## EXERCISE DETAILS
What should come back is the data below, word for word, minus any picture.

## THE DATA
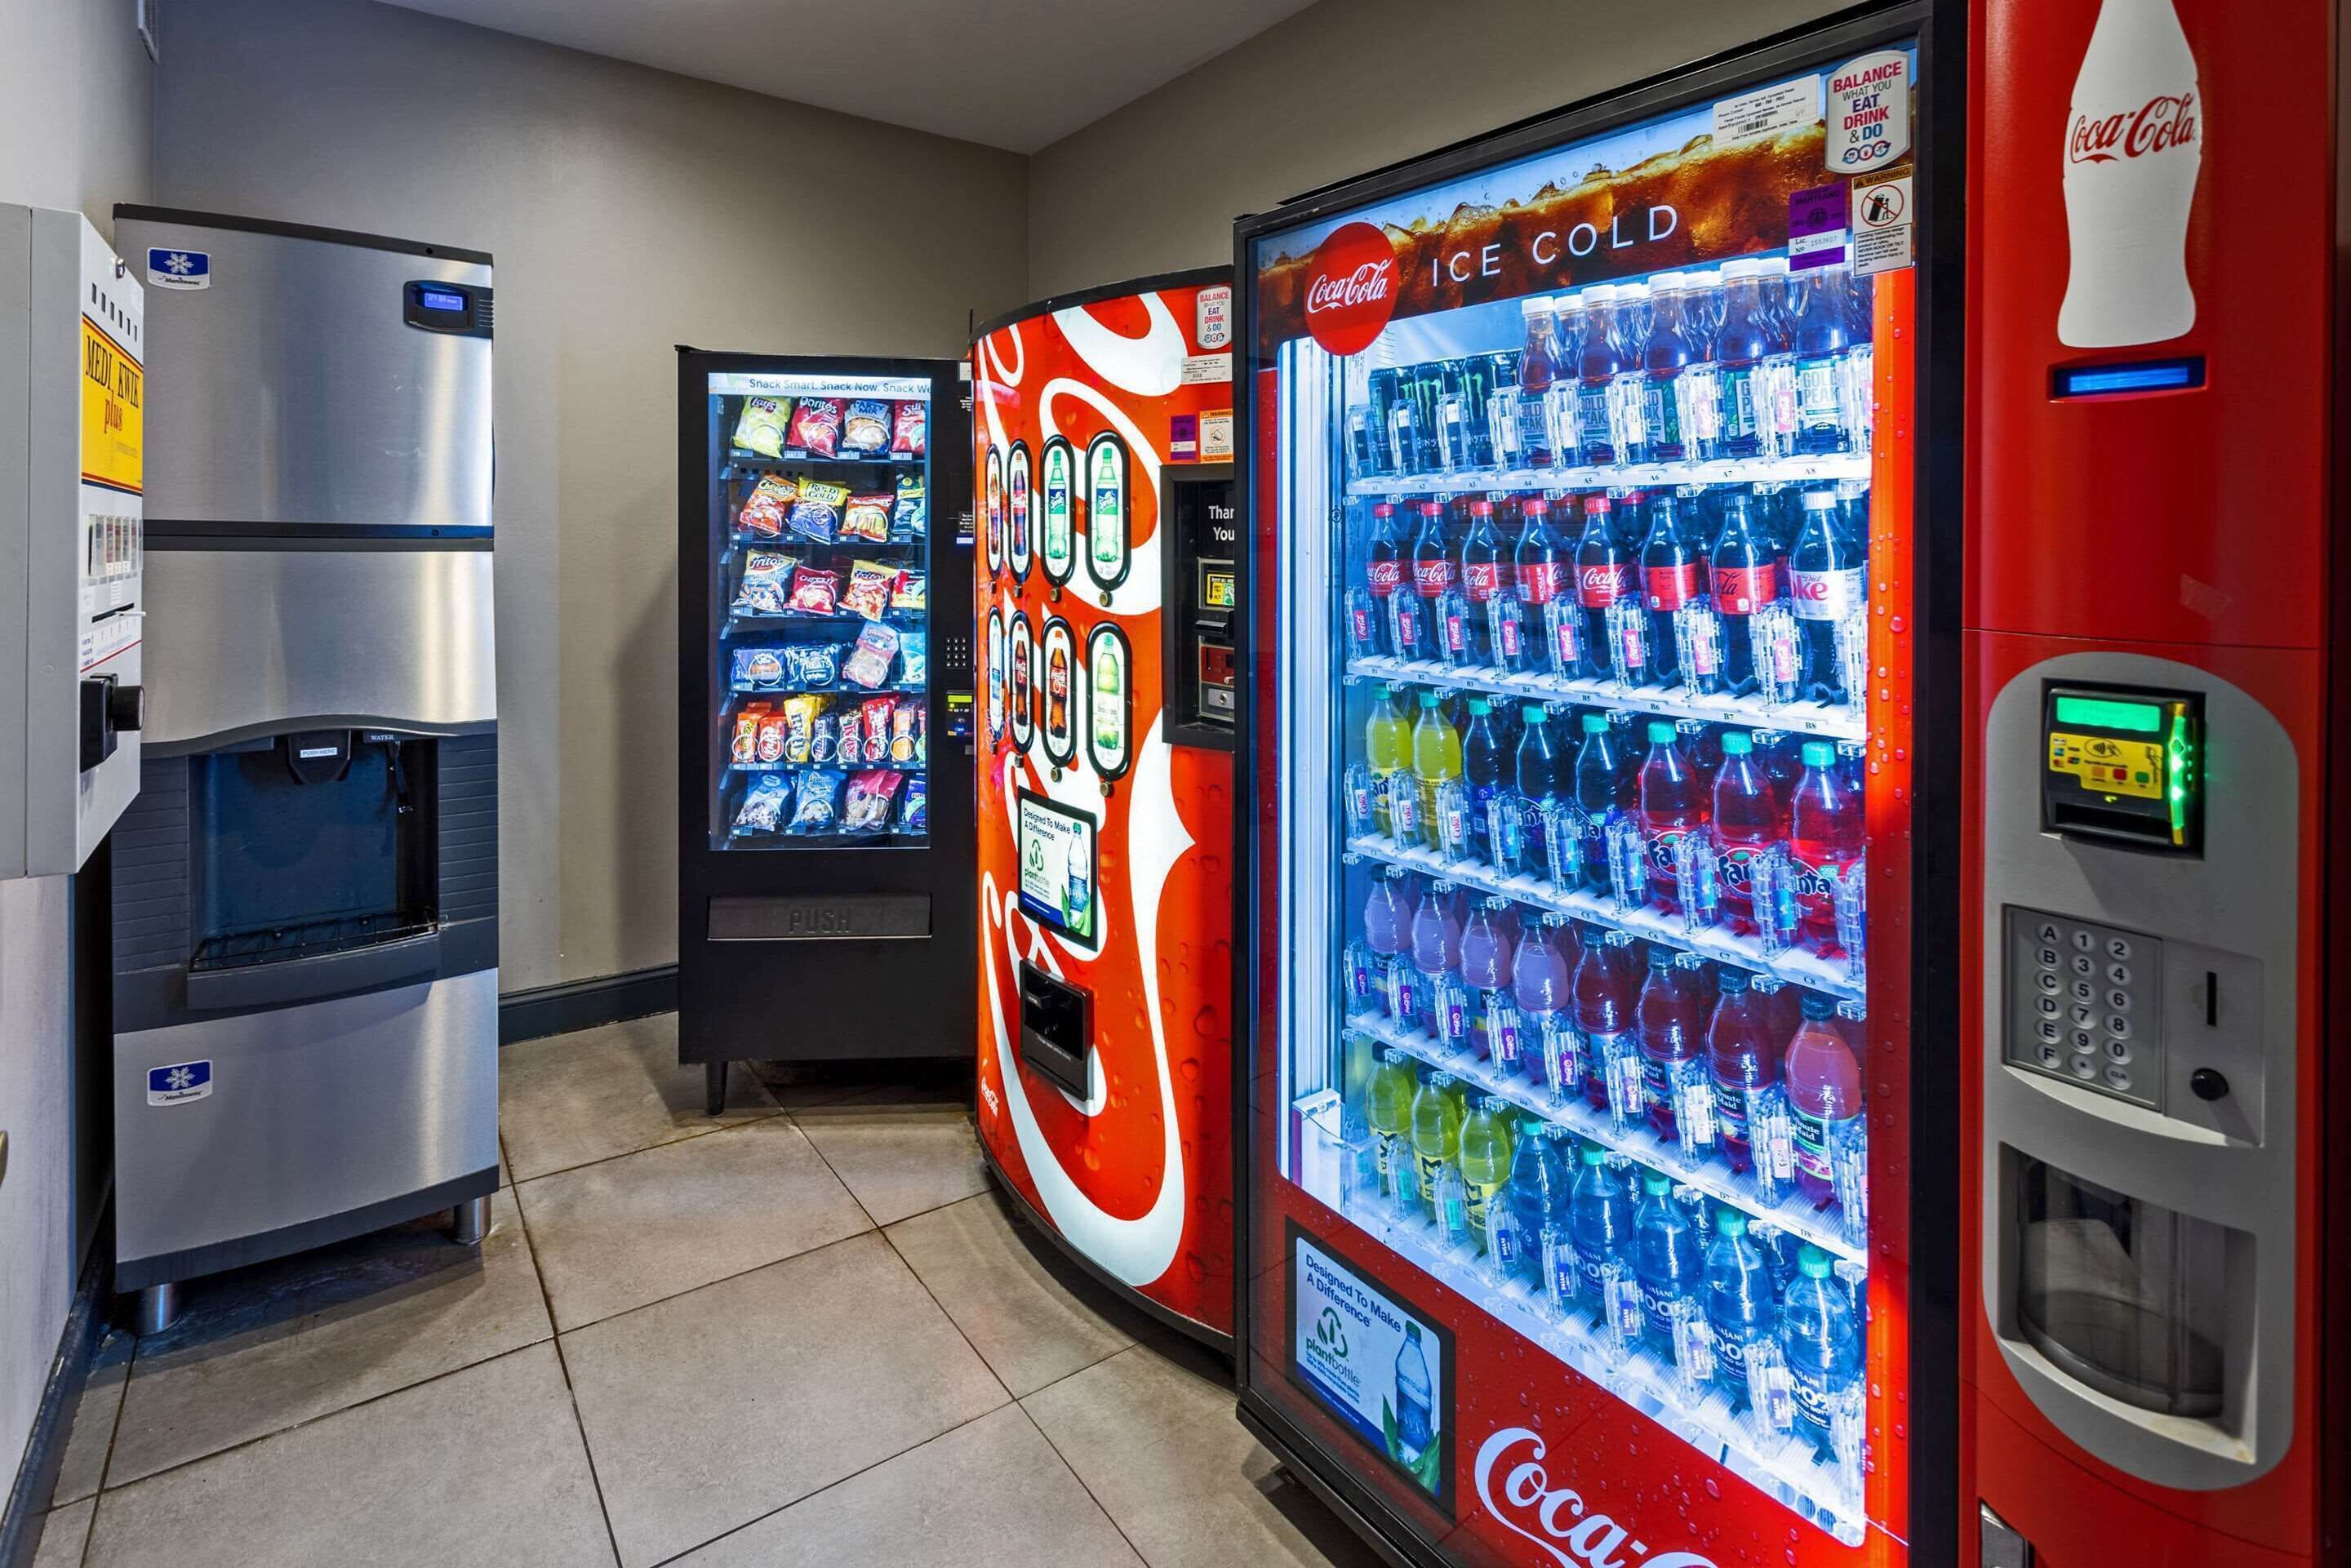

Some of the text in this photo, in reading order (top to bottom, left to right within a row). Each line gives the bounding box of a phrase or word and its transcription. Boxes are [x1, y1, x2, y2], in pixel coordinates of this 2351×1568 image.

[1833, 61, 1902, 93] BALANCE
[1842, 79, 1891, 101] WHAT YOU
[1853, 93, 1880, 113] EAT
[1843, 105, 1890, 131] DRINK
[2070, 92, 2194, 163] Coca-Cola
[1849, 122, 1883, 144] & DO
[1865, 167, 1910, 186] WARNING
[1432, 204, 1679, 287] ICE COLD
[1200, 291, 1229, 303] BALANCE
[1306, 256, 1393, 314] Coca-Cola
[1204, 314, 1224, 325] DRINK
[1208, 307, 1220, 316] EAT
[1212, 322, 1221, 331] DO
[86, 335, 140, 408] MEDI KWIK
[749, 379, 780, 389] Snack
[784, 380, 818, 391] Smart.
[821, 381, 851, 392] Snack
[883, 383, 914, 393] Snack
[104, 389, 123, 433] plus
[800, 396, 837, 415] Doritos
[1213, 526, 1234, 541] You
[1651, 703, 1660, 711] B6
[1723, 713, 1734, 721] B7
[1805, 722, 1816, 730] B8
[1024, 807, 1071, 835] Designed To Make
[1024, 820, 1055, 842] A Difference
[789, 908, 851, 935] PUSH
[2043, 926, 2125, 956] A 1 2
[1647, 931, 1659, 939] C6
[1719, 951, 1731, 960] C7
[1803, 976, 1816, 985] C8
[2044, 950, 2125, 980] B 3 4
[2043, 975, 2125, 1006] C 5 6
[2043, 999, 2125, 1032] D 7 8
[2043, 1024, 2124, 1057] E 9 0
[2043, 1048, 2055, 1061] F
[1306, 1253, 1402, 1333] Designed To Make
[1306, 1273, 1371, 1327] A Difference
[1306, 1336, 1360, 1388] plantbottle

## OUTPUT FOR THIS TASK
Some of the text in this photo, in reading order (top to bottom, left to right within a row). Each line gives the bounding box of a phrase or word and its transcription. Boxes are [x1, y1, x2, y2], in pixel coordinates of this 2351×1568 image.

[1833, 61, 1902, 93] BALANCE
[1842, 79, 1891, 101] WHAT YOU
[1853, 93, 1880, 113] EAT
[1843, 105, 1890, 131] DRINK
[2070, 92, 2194, 163] Coca-Cola
[1849, 122, 1883, 144] & DO
[1865, 167, 1910, 186] WARNING
[1432, 204, 1679, 287] ICE COLD
[1200, 291, 1229, 303] BALANCE
[1306, 256, 1393, 314] Coca-Cola
[1204, 314, 1224, 325] DRINK
[1208, 307, 1220, 316] EAT
[1212, 322, 1221, 331] DO
[86, 335, 140, 408] MEDI KWIK
[749, 379, 780, 389] Snack
[784, 380, 818, 391] Smart.
[821, 381, 851, 392] Snack
[883, 383, 914, 393] Snack
[104, 389, 123, 433] plus
[800, 396, 837, 415] Doritos
[1213, 526, 1234, 541] You
[1651, 703, 1660, 711] B6
[1723, 713, 1734, 721] B7
[1805, 722, 1816, 730] B8
[1024, 807, 1071, 835] Designed To Make
[1024, 820, 1055, 842] A Difference
[789, 908, 851, 935] PUSH
[2043, 926, 2125, 956] A 1 2
[1647, 931, 1659, 939] C6
[1719, 951, 1731, 960] C7
[1803, 976, 1816, 985] C8
[2044, 950, 2125, 980] B 3 4
[2043, 975, 2125, 1006] C 5 6
[2043, 999, 2125, 1032] D 7 8
[2043, 1024, 2124, 1057] E 9 0
[2043, 1048, 2055, 1061] F
[1306, 1253, 1402, 1333] Designed To Make
[1306, 1273, 1371, 1327] A Difference
[1306, 1336, 1360, 1388] plantbottle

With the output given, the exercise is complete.